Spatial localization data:
= = =

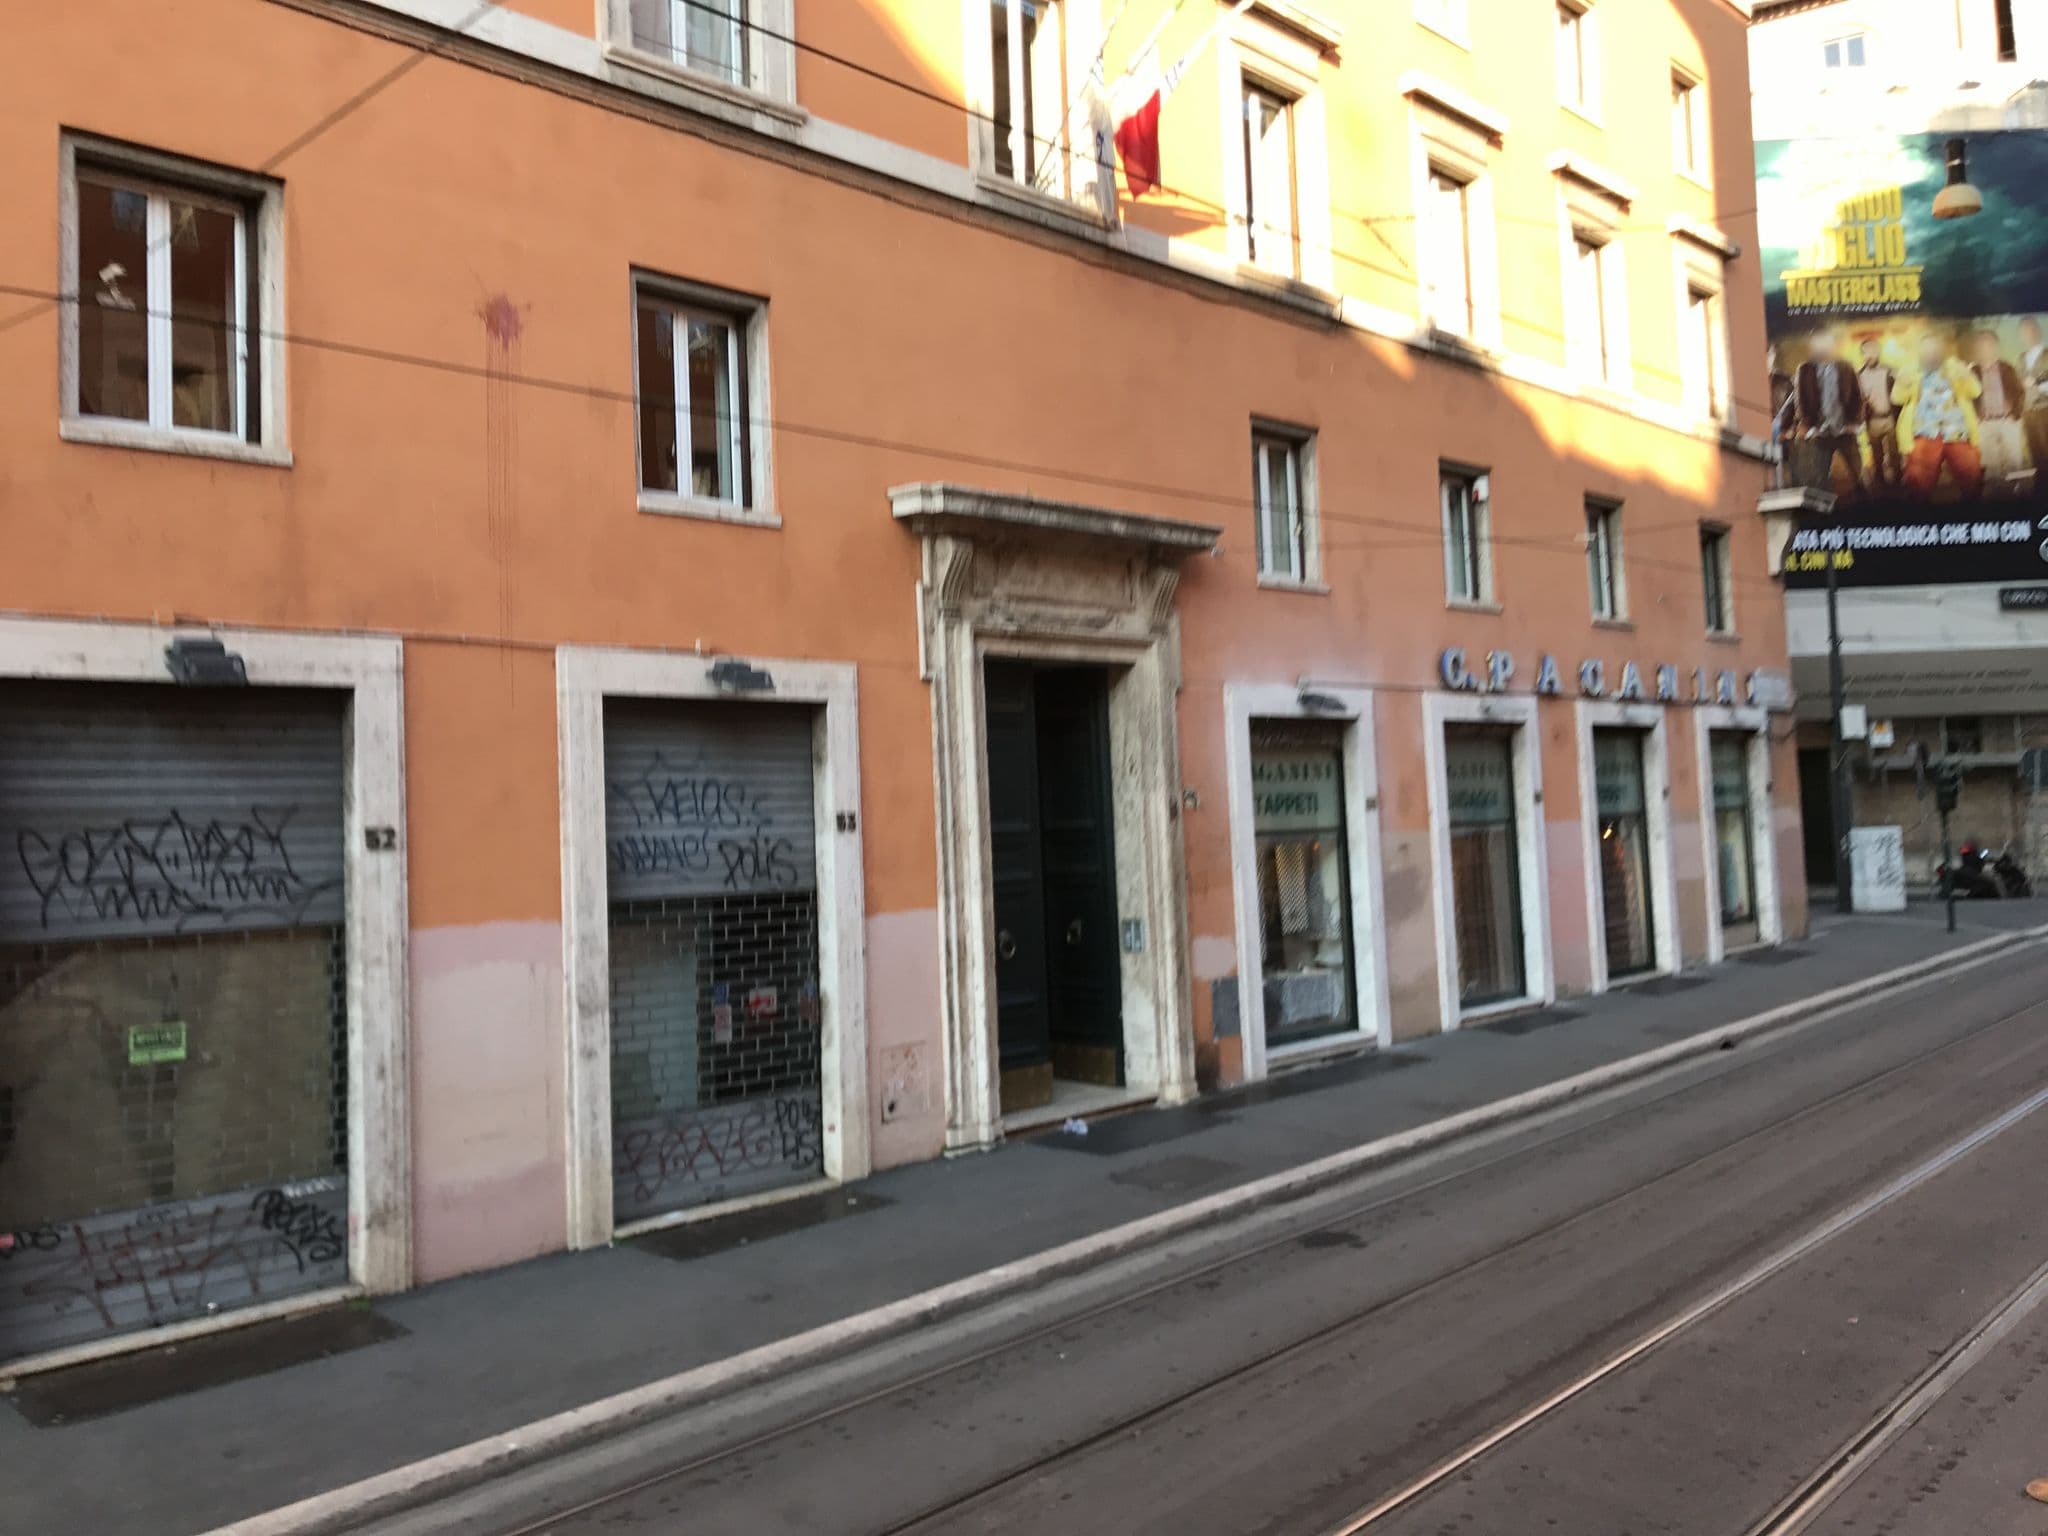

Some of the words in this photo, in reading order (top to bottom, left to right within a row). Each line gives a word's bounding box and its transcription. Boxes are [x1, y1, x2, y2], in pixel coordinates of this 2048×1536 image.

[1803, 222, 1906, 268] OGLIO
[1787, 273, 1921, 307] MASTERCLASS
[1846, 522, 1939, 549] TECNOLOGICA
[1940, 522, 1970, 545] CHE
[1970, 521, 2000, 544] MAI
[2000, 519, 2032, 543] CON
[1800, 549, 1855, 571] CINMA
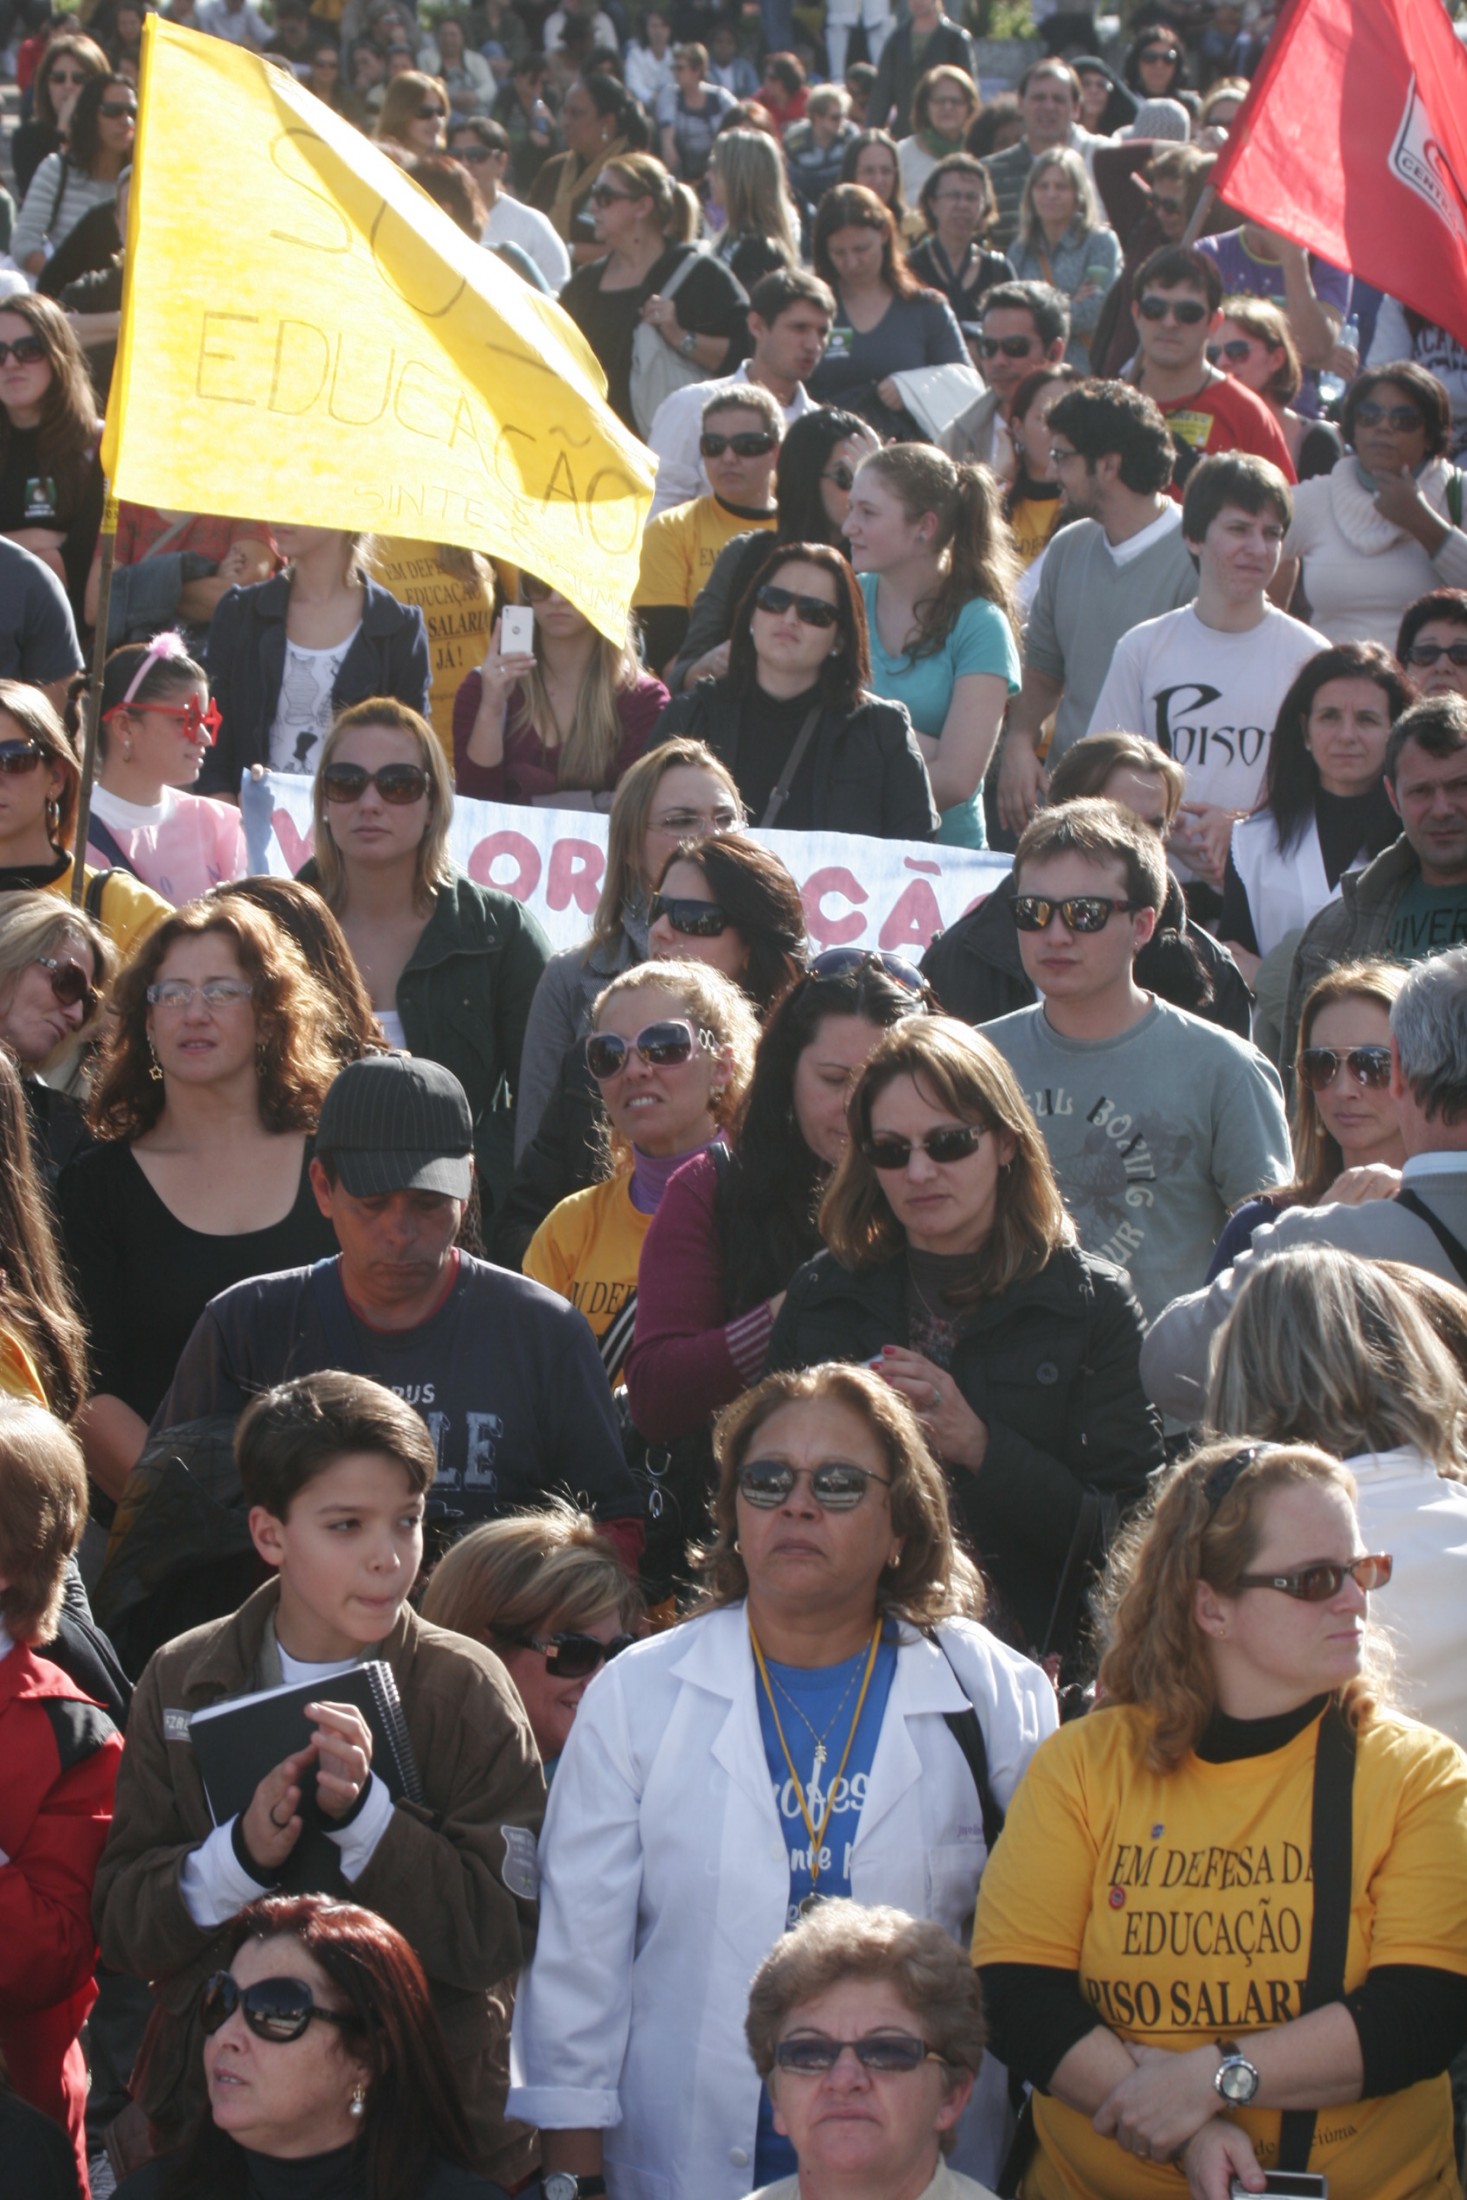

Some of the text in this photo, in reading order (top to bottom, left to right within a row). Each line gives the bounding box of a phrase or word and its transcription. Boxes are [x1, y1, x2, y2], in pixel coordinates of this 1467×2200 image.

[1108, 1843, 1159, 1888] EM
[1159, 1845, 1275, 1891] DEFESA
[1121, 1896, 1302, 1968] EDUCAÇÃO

= = =

What to work on —
The result should be every line of the data, reproduced exactly, with the images removed.

Result of the task —
Some of the words in this photo, in reading order (top to bottom, left to right within a row). Each line gives a word's bounding box and its transcription. Boxes are [x1, y1, x2, y2], in pixel coordinates of this 2048×1536 image.

[1803, 222, 1906, 268] OGLIO
[1787, 273, 1921, 307] MASTERCLASS
[1846, 522, 1939, 549] TECNOLOGICA
[1940, 522, 1970, 545] CHE
[1970, 521, 2000, 544] MAI
[2000, 519, 2032, 543] CON
[1800, 549, 1855, 571] CINMA

Some of the text in this photo, in reading order (top to bottom, left to right within a row). Each line gives the bounding box of a phrase or word and its transcription. Boxes are [x1, y1, x2, y2], in pixel coordinates of this 1467×2200 image.

[1108, 1843, 1159, 1888] EM
[1159, 1845, 1275, 1891] DEFESA
[1121, 1896, 1302, 1968] EDUCAÇÃO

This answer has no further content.